Alberta Fiselou lit encore une demi-heure avant de revenir dans sa
cabine. Jeanne Brébeuf a reposé son livre, et a pris place dans l'un
des box, pour mettre sans doute la dernière main à la présentation de
futures excursions.
Gisèle Pouacre et Emmeline Croin se trouvent à présent
dans la cabine qu'elle partage avec Sophie Bernard.
- On dirait que tu tiens l'occasion... dit Emmeline Croin.
- Jeanne Brébeuf a toujours, comme les autres accompagnatrices,
quelques médicaments dans son sac, ajoute Gisèle Pouacre.
- Et elle aura par mégarde glissé à Lucie Douce une dose supplémentaire
de ses médicaments habituels, fait Sophie Bernard.
- Les insomniaques ne sont pas à l'abri des migraines, dit
Emmeline Croin.
Alberta Fiselou admet fort bien qu'on la dispense de
raconter. Elle ajoute sa voix au chœur des anges :
- Ce qu'elle ignore, c'est qu'elle a tué Lucie Douce pour rien, l'on ne
se défait pas d'une ombre, et Lucie Douce n'était qu'une ombre plus
lumineuse que d'autres. Elle n'accordait qu'une confiance limitée aux
sentiments de Valentin George.
Elle s'arrête, pour laisser à Gisèle Pouacre le soin de
compléter le raisonnement :
- Le Pentax du Mentonnais... Elle s'est rappelée après coup qu'il les
avait souvent photographiés ensemble, et qu'il avait surpris son
compagnon à plusieurs reprises avec Lucie Douce, elle ne l'a pas lâché
d'une semelle. Et j'imagine que Valentin George restait toujours dans
les parages. Elle voit l'appareil sur la chaise, Valentin George
détourne l'attention de tout le monde, et elle va obligeamment
rapporter à l'accueil l'appareil de l'imprudent, après avoir supprimé
les photos gênantes. Elle devait avoir un grand sac.
-
En l'aidant à subtiliser cet appareil, dit Sophie Bernard. George
Valentin a donné à Jeanne Brébeuf la plus belle preuve d'amour qu'on
puisse imaginer. Il a sans doute deviné tout de suite. Il aura tout
fait pour la rassurer. Je ne serai pas surpris qu'il ait mis lui-même
au point ce petit tour de passe-passe. Dès que je verrai une occasion,
je détournerai l'attention. Tu feras ce que tu pourras. Et tu le feras
vite. Faut-il qu'il lui soit attaché pour qu'elle ne l'écœure pas après
un coup pareil !... C'était un rêve redoutable, c'est devenu un rêve
sans conséquence. Voire... À la première fêlure...
- Juste un petit mystère pour nous mettre en appétit.
Elles s'accordent à juger qu'il serait dommage de briser l'harmonie
d'un couple aussi exemplaire. Après tout, Jeanne Brébeuf n'a mis fin
qu'à une souffrance interminablement entretenue. De plus, il n'y a rien
de puisse permettre de les confondre. Les preuves matérielles ont
disparu, l'une dans l'estomac de la victime, l'autre de la carte
mémoire du Pentax. On ne va pas ennuyer le commissaire de bord pour ça.
Une remarque au dîner pour inviter le Mentonnais à ne pas abandonner
son appareil sur les fauteuils de tous les bars où il s'arrête.

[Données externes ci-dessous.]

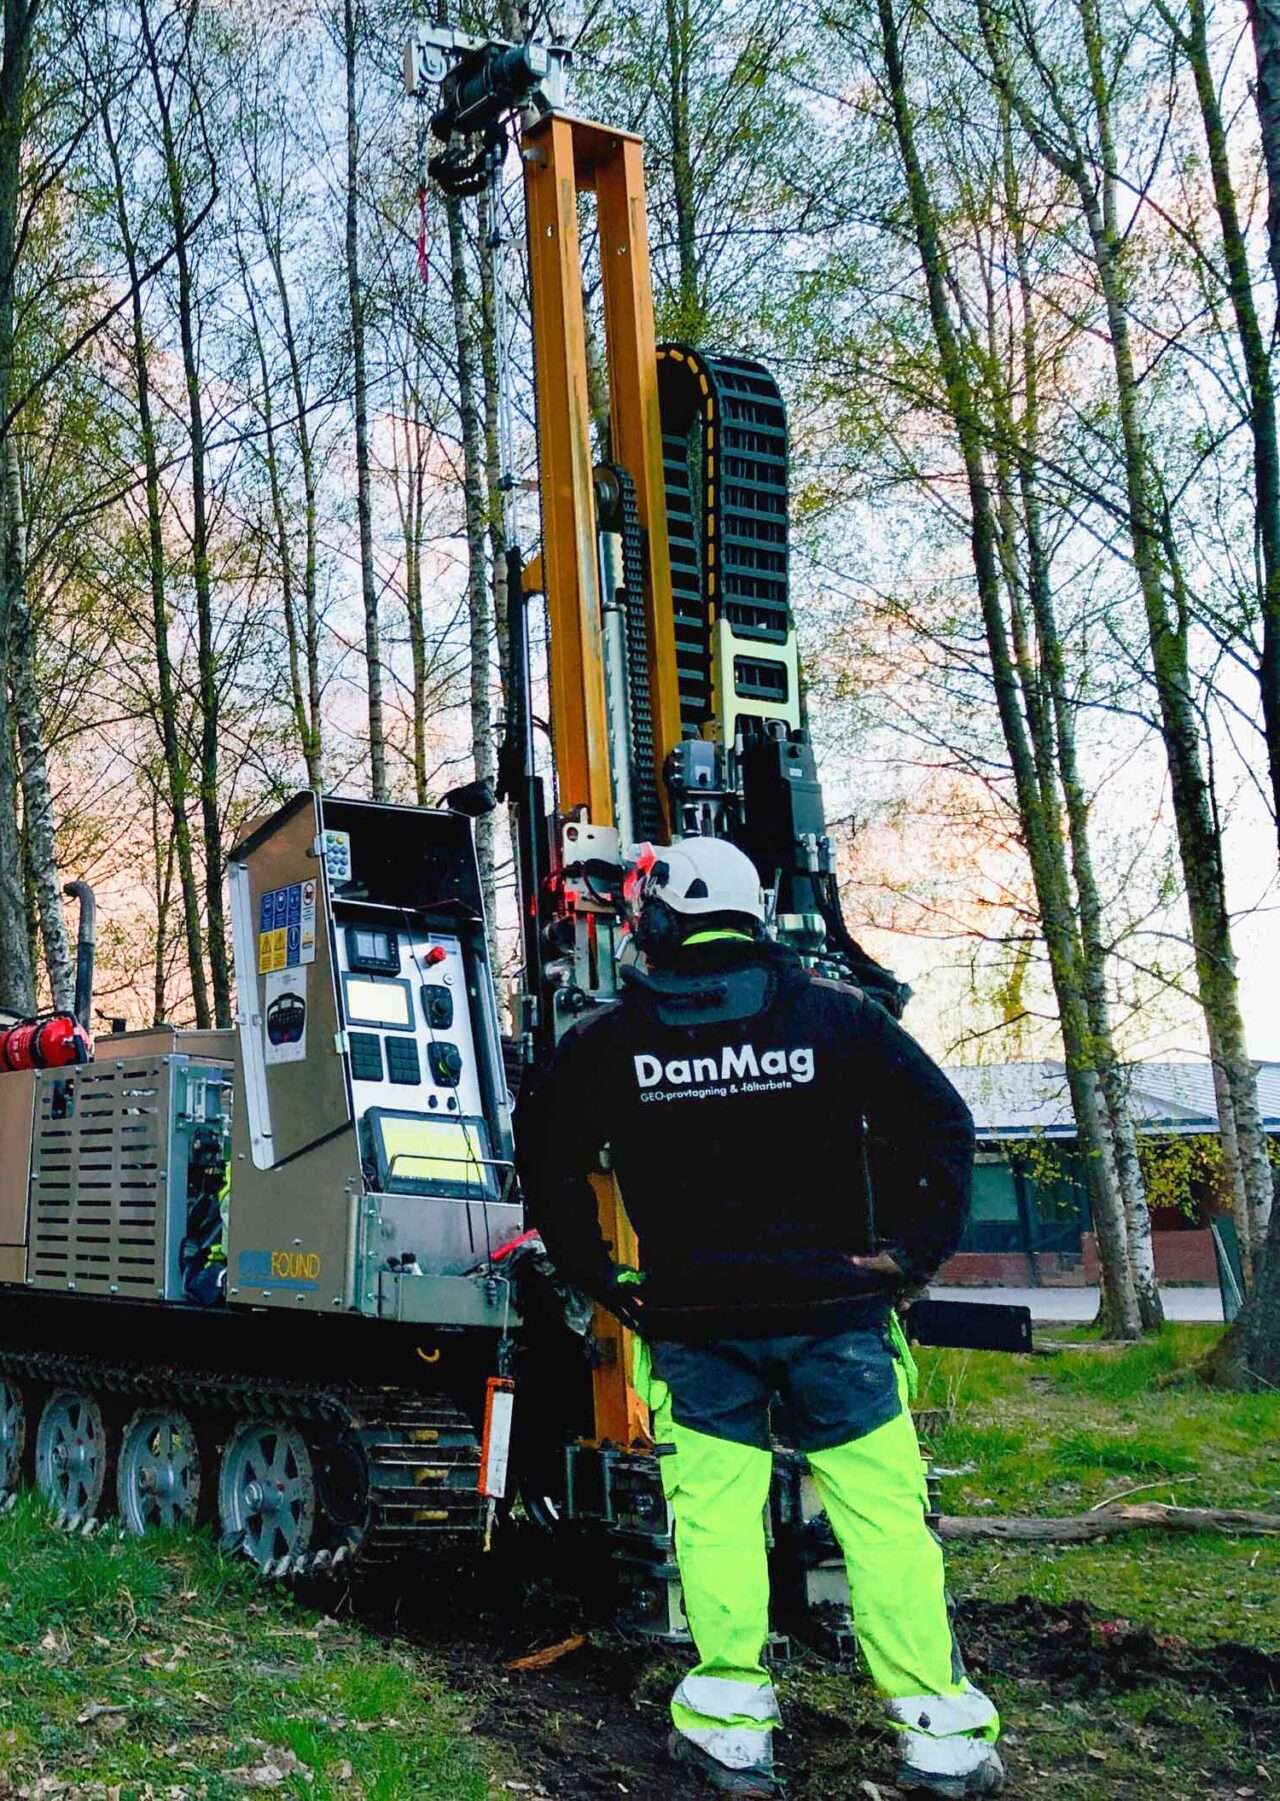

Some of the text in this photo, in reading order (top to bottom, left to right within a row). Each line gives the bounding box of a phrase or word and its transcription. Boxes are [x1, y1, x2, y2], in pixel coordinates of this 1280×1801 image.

[634, 1044, 815, 1087] DanMag
[640, 1086, 727, 1102] GEO-provtagning
[730, 1084, 738, 1093] &
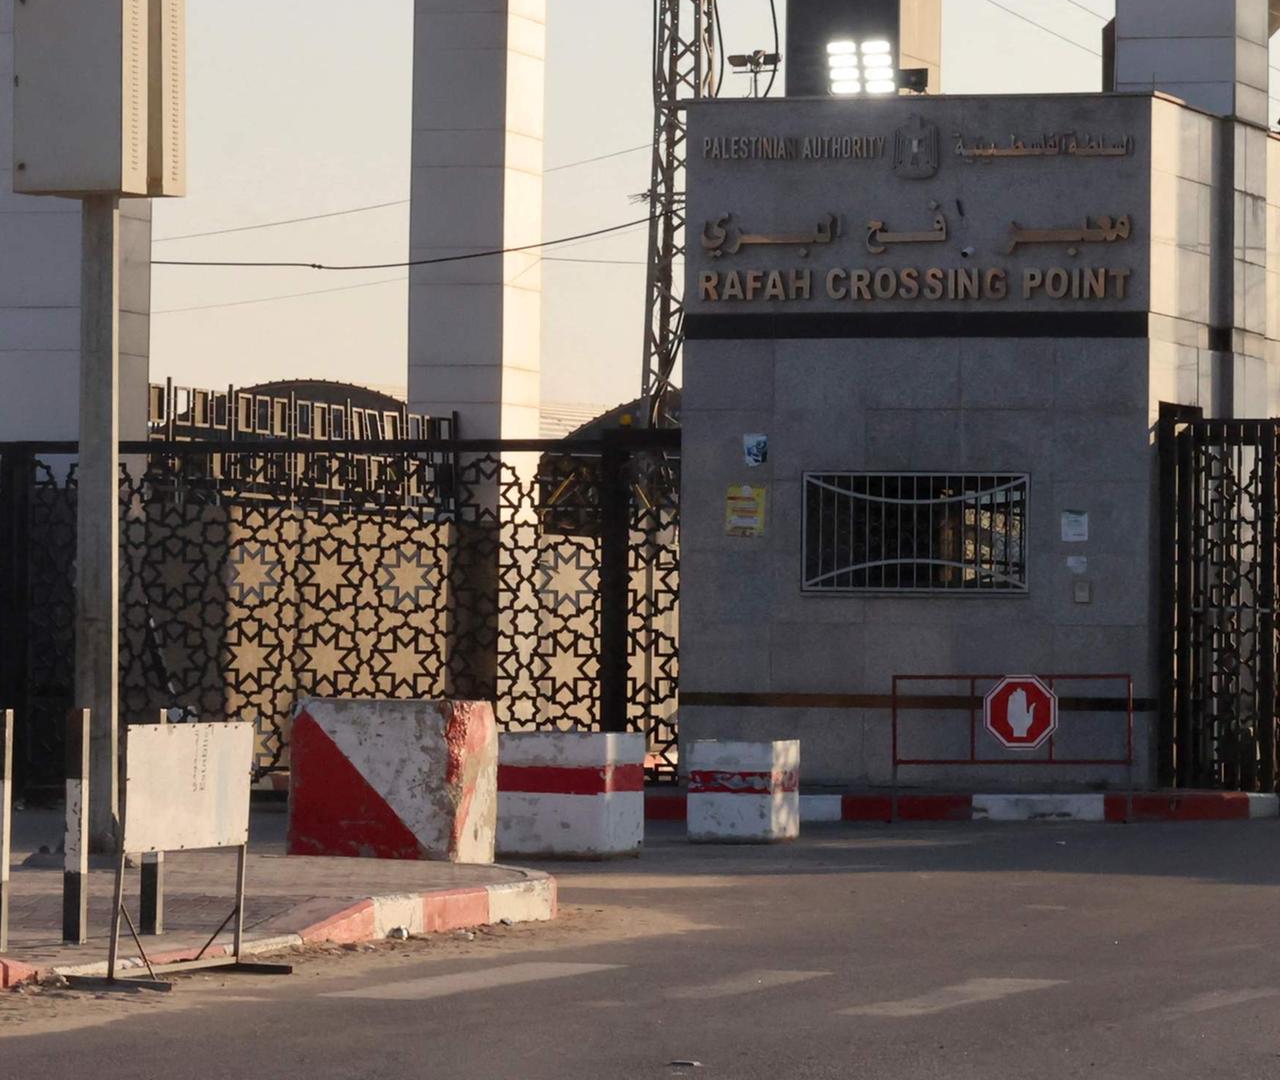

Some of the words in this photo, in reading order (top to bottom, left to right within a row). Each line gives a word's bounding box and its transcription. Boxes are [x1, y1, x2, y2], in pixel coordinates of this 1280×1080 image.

[703, 136, 798, 160] PALESTINIAN
[802, 136, 886, 159] AUTHORITY
[700, 213, 844, 257] البري
[1004, 215, 1132, 256] معبر
[698, 270, 812, 301] RAFAH
[825, 268, 1008, 301] CROSSING
[1023, 269, 1131, 299] POINT
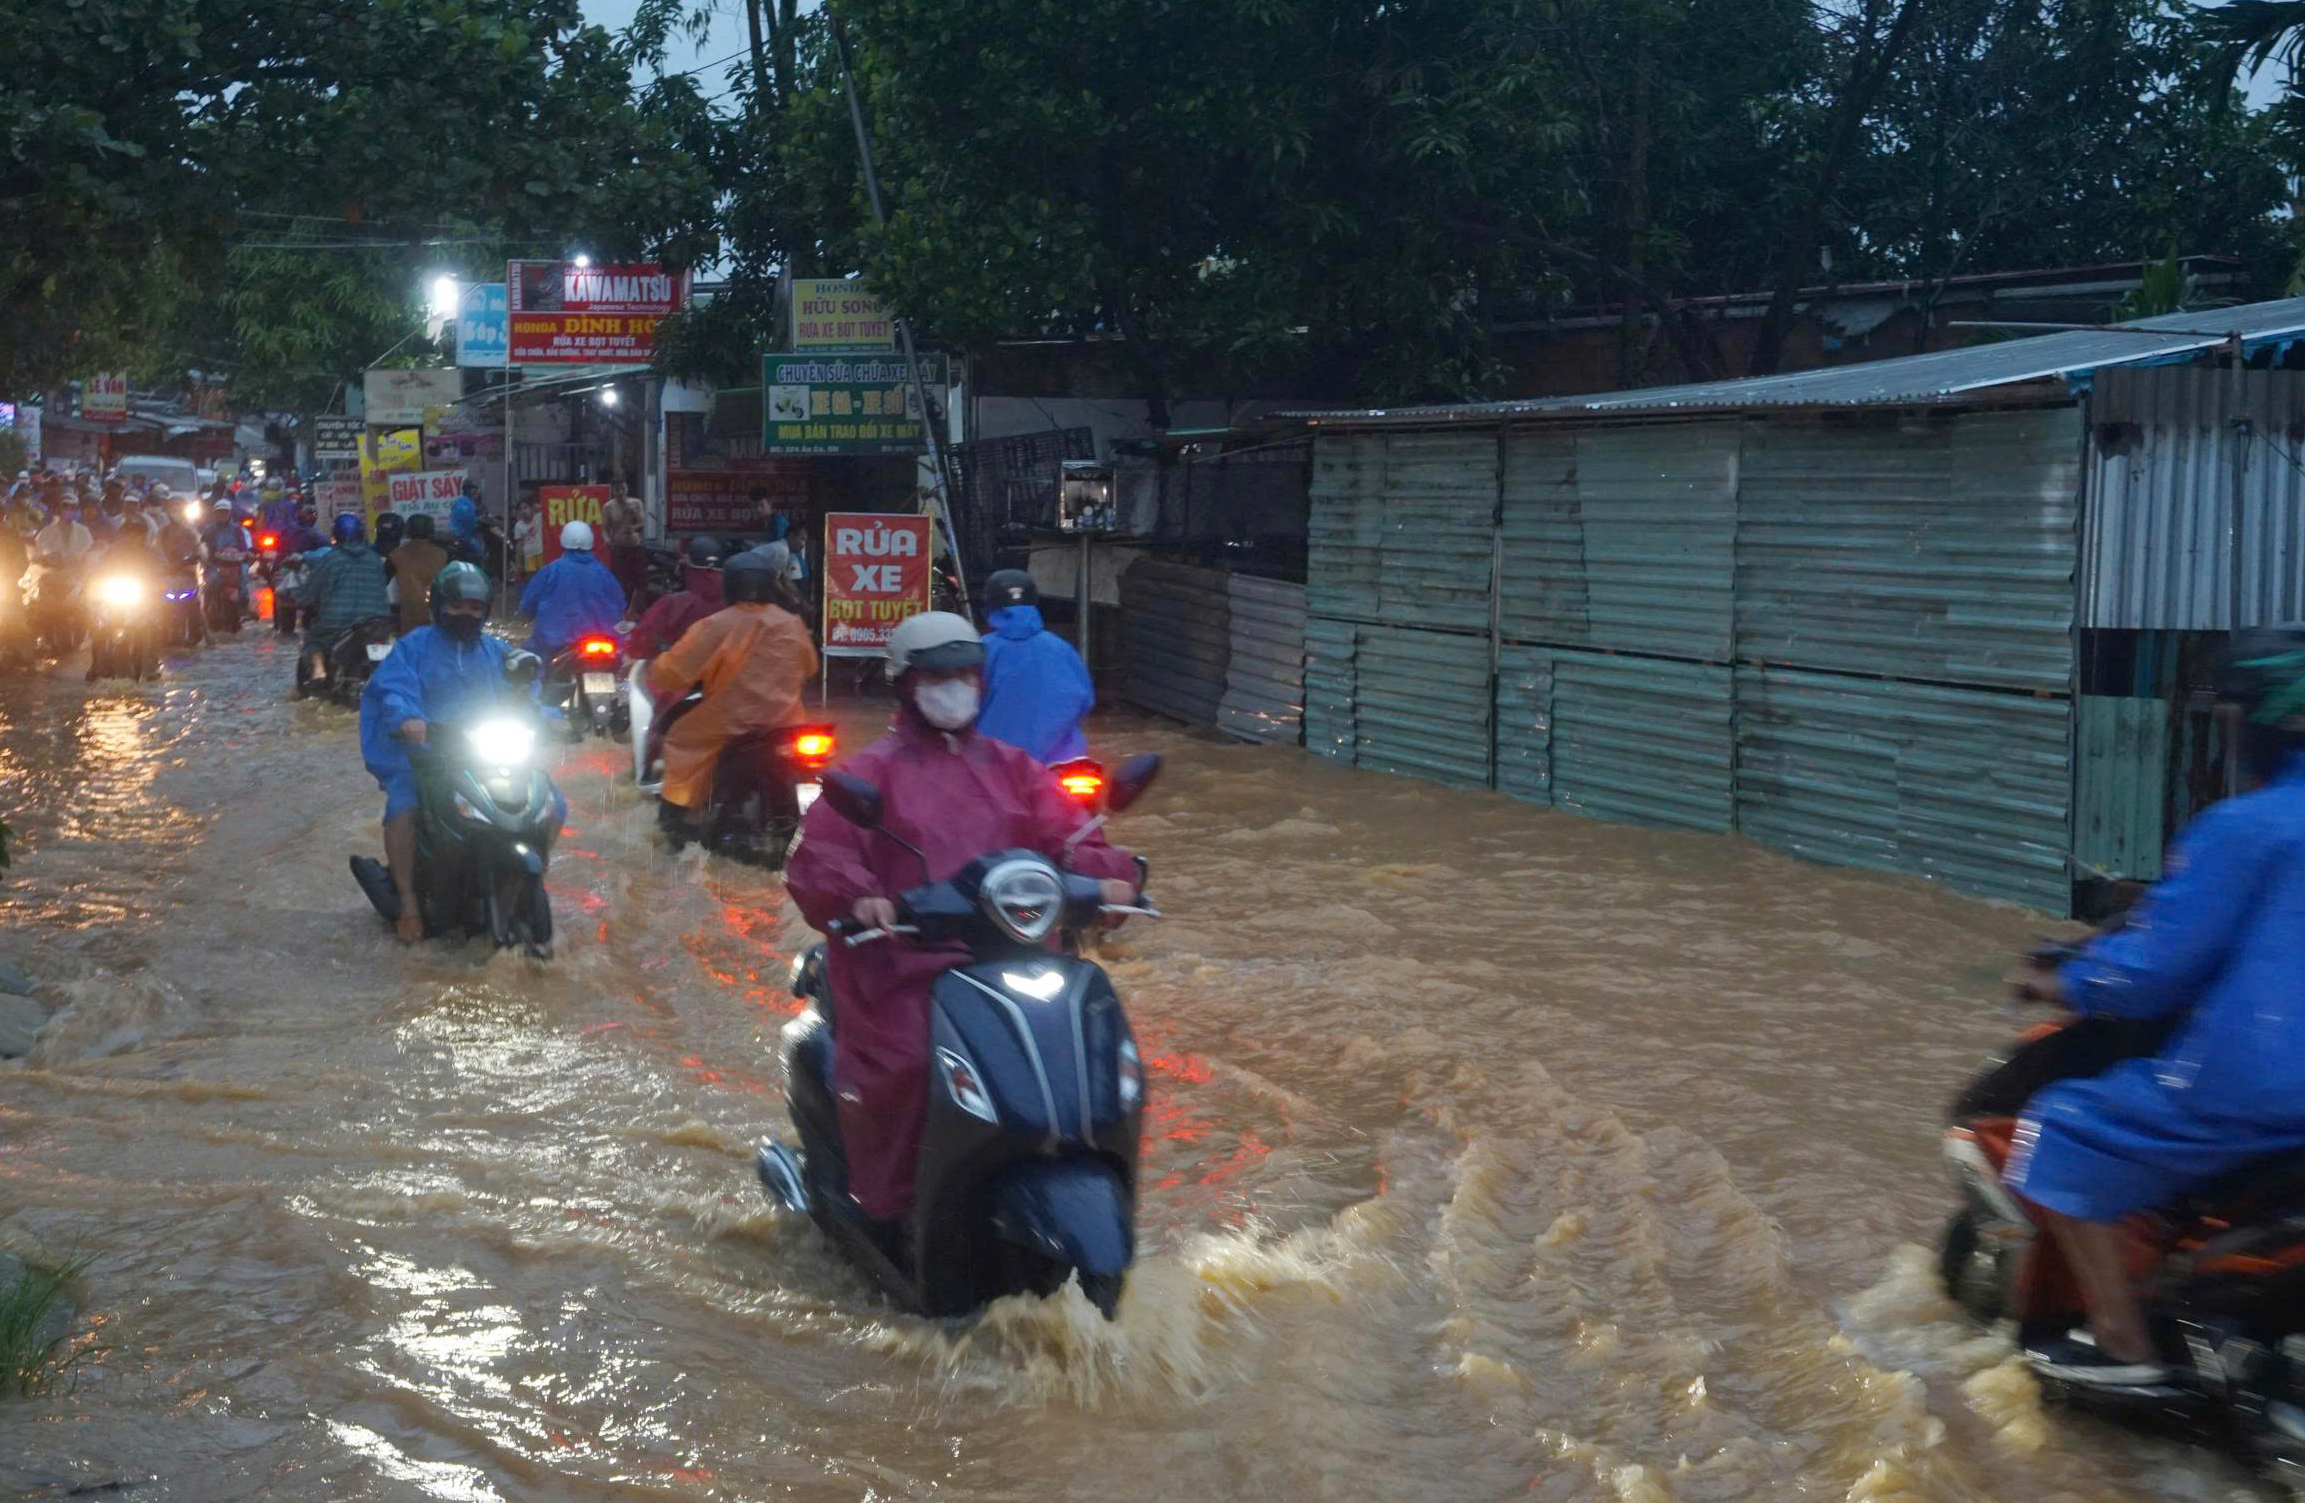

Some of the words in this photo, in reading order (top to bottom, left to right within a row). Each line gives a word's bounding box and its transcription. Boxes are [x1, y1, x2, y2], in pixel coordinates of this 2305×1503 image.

[564, 274, 672, 303] KAWAMATSU
[815, 284, 864, 294] HOND
[514, 321, 557, 334] HONDA
[564, 313, 621, 335] ĐÌNH
[777, 359, 826, 383] CHUYÊN
[827, 358, 851, 383] SỬA
[854, 359, 888, 383] CHỮA
[889, 364, 907, 383] XE
[811, 390, 831, 414] XE
[862, 390, 883, 414] XE
[777, 425, 802, 438] MUA
[805, 421, 828, 438] BÁN
[829, 425, 856, 438] TRAO
[879, 425, 895, 438] XE
[431, 470, 463, 498] SẤY
[548, 488, 601, 527] RỬA
[836, 520, 917, 557] RỬA
[850, 564, 903, 592] XE
[830, 599, 863, 621] BỌT

- Je vais m'y accrocher comme un naufragé à sa bouée.
Un tour enfin au grand salon du pont supérieur pour voir les évolutions
des danseurs, effectivement conduites par la voix des Libellules
restantes, et de l'orchestre du navire, qui se laisse également
entraîner. Les ailes de ces libellules suivent les mouvements de leurs
bras, et ne se déploient que durant les pauses, où elles vibrent comme
pour retenir quelque note égarée. Et c'est à peine si l'on songe à
l'absence de Lucie Douce, tant on sent sa présence.